Йон смотрел ей вслед, пока не заметил, что за ним наблюдает Вильде, – тот сидел за столом и чистил банан. Йон тут же сравнил его с обезьяной и представил себе, как его коллега бьет себя кулаками в грудь, бегает на кривых лапах и с развевающейся бородой по джунглям. Картина получилась настолько нелепая, что он невольно рассмеялся. Вильде беззлобно ухмыльнулся в ответ.
21
После уроков Йон поехал из «Буша» прямиком в Эппендорф. К его облегчению, черный «бенц» был припаркован прямо возле дома на улице Вольдсенвег. Вот и замечательно. А то он опасался, что Роберт еще в пятницу отдал машину в ремонт; там сразу обратят внимание, что он не забирает ее в срок. Интересно, не записывался ли он туда по телефону?
Йон осмотрел автомобиль со всех сторон и не обнаружил ничего мало-мальски необычного. Сиденья чистые, на них ничего не валяется, кроме черного зонтика; на приборной доске ни пылинки. Ухоженная машина, причем заметно, что ухаживают за ней профессионально, в мастерской. Под крышкой багажного отделения, возможно, лежат клюшки для гольфа.

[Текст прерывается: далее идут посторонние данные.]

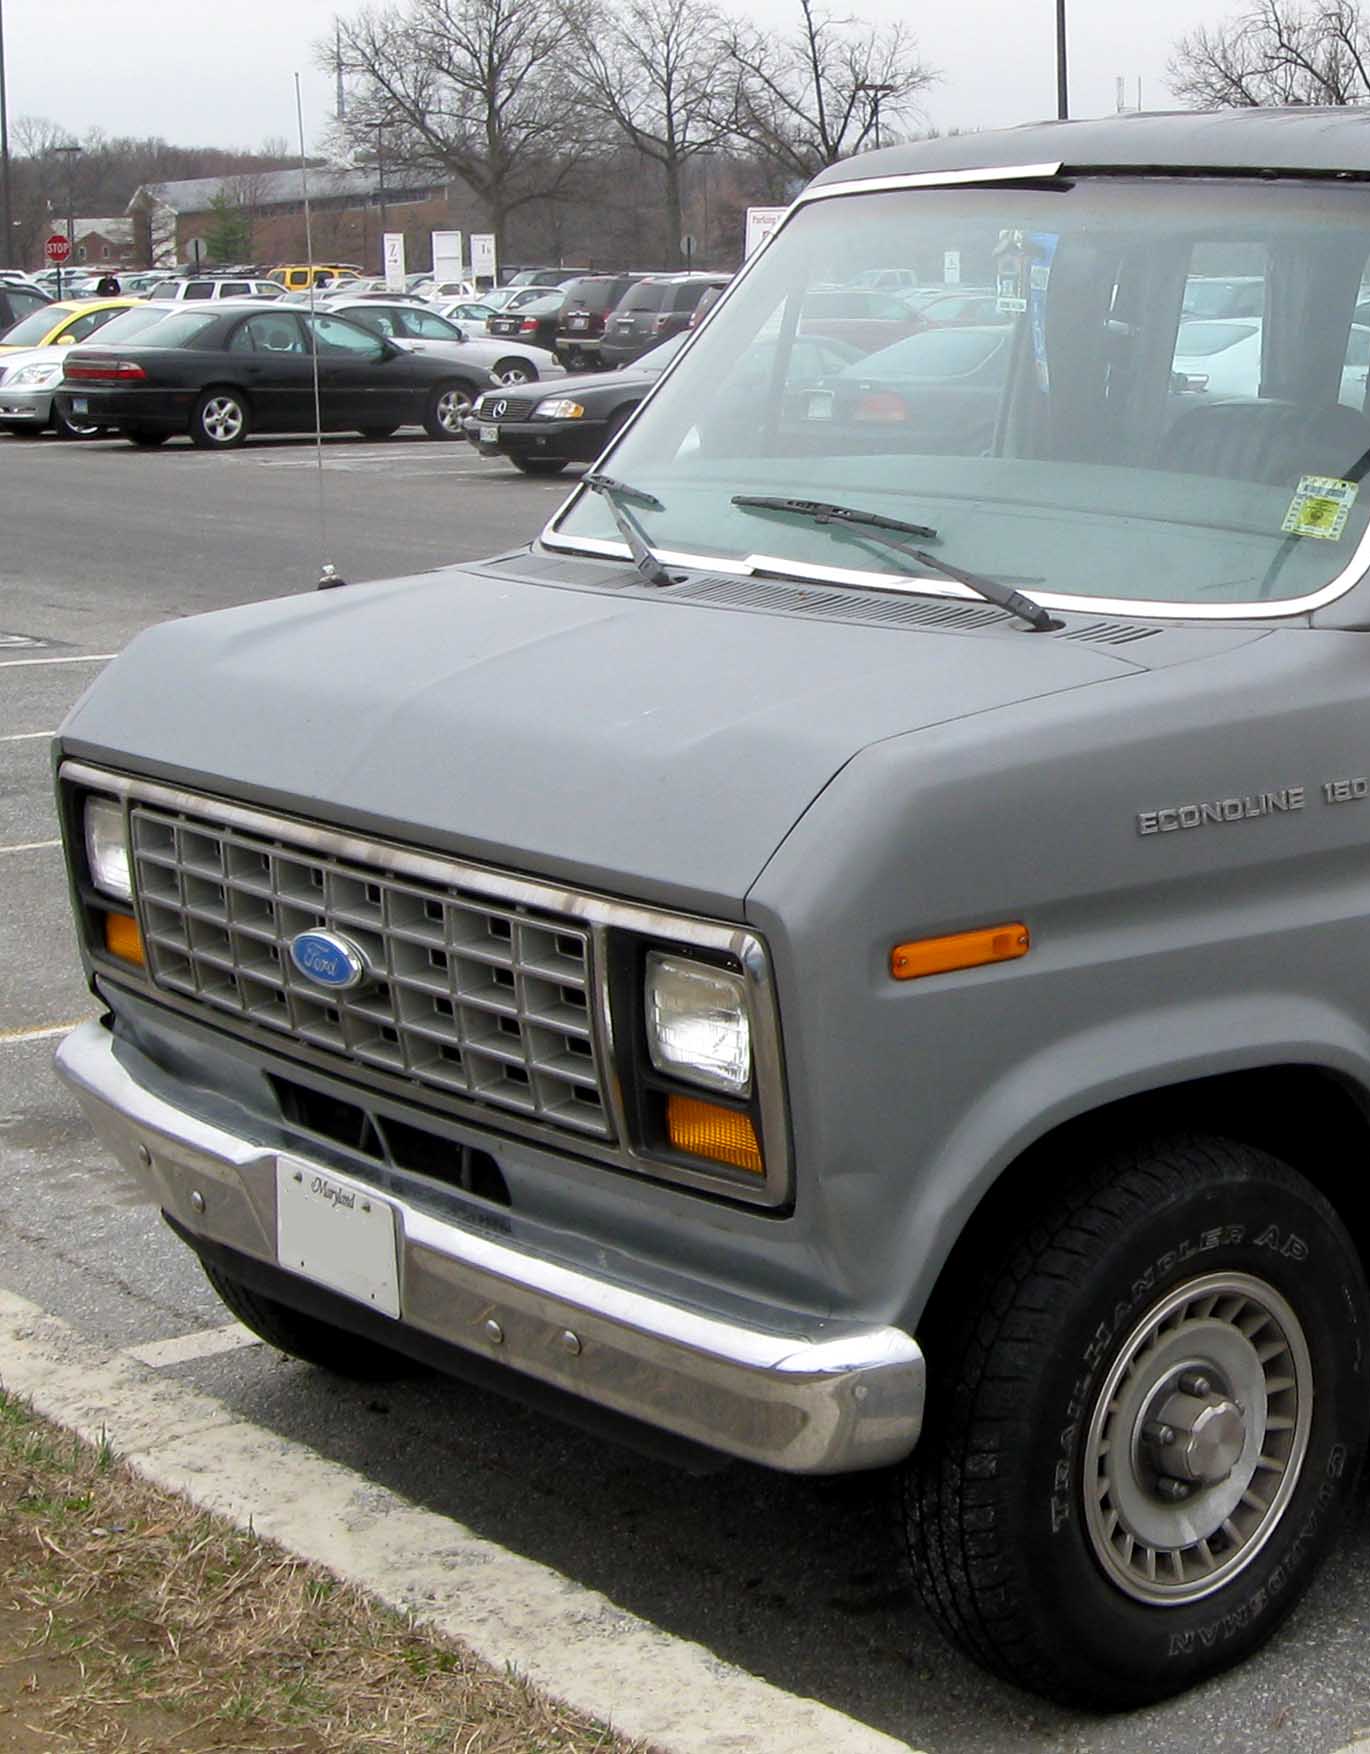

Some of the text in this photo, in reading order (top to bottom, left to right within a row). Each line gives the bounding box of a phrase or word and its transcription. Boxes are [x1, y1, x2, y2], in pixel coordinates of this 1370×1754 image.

[47, 243, 70, 254] STOP
[1138, 776, 1370, 835] ECONOLINE 150
[303, 941, 337, 977] Ford
[311, 1177, 357, 1210] Maryland
[1051, 1222, 1247, 1536] TRAILHANDLER

Pro forma [19] он позвонил Роберту, потом пожилым супругам со второго этажа, хотя и видел, что там спущены жалюзи. Предпринял две безуспешных попытки с другими квартирами. Наконец ему открыла сорокалетняя дама с цокольного этажа; из ее квартиры вырвалось назойливо-душистое облако. Голова дамы была обмотана розовым махровым полотенцем.
– Фрау Кольберг? – И он произнес заготовленную речь.

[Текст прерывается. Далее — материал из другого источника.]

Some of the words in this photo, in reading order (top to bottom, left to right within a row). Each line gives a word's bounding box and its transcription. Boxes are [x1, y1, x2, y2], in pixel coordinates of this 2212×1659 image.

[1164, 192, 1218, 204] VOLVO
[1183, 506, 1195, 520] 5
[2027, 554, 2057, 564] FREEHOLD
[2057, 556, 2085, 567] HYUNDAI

Женщина была явно раздосадована его появлением.
– Не имею ни малейшего представления, где он находится, – заявила она, – мы с ним почти не контактируем.
Йон вспомнил, что у Роберта когда-то возник скандал с Кольбергами – на их террасу капала вода, когда его друг поливал на своем балконе ящичек с кулинарными травами.
– Во всяком случае, едва ли он куда-то уехал, – сказал он, – раз его автомобиль стоит тут перед дверью.
– Но он ведь мог уехать на поезде. Или улететь на самолете.
– Да, верно, вы правы. – Несмотря на ее раздраженный тон, Йон говорил предельно вежливо; фрау Кольберг должна сохранить о нем благоприятные воспоминания, на случай, если ее будут расспрашивать о нем. – Он мог улететь на несколько дней на юг, погреться на солнышке. Времени у него достаточно.
– Времени и денег, – сухо уточнила она и захлопнула дверь.
После обеда он намеревался заехать в клинику к Ковальски – чем скорей он разделается с этим докучливым делом, тем лучше. В книжной лавке на Эппендорфер-Баум он купил новую книгу Манкелля. Возле кассы ему попалась на глаза книга о китайских иероглифах, и он вспомнил про красно-черную татуировку Юлии. Полистал книгу и уже через несколько страниц наткнулся на иероглиф, левая сторона которого напоминала лестницу. «Тоска», – гласила подпись. Что сказала тогда Юлия? «Долгая, счастливая жизнь?» До конца своих дней он будет помнить ту ситуацию, в мельчайших подробностях. На софе в его кабинете полусонная Юлия, обнаженная, в его объятиях. Они оба усталые и счастливые. Она подсознательно выбрала объяснение, выражавшее ее желание, чтобы все оставалось таким, как в тот момент. Эта мысль согрела его. Еще одно свидетельство того, что они созданы друг для друга. Similis simili gaudet [20].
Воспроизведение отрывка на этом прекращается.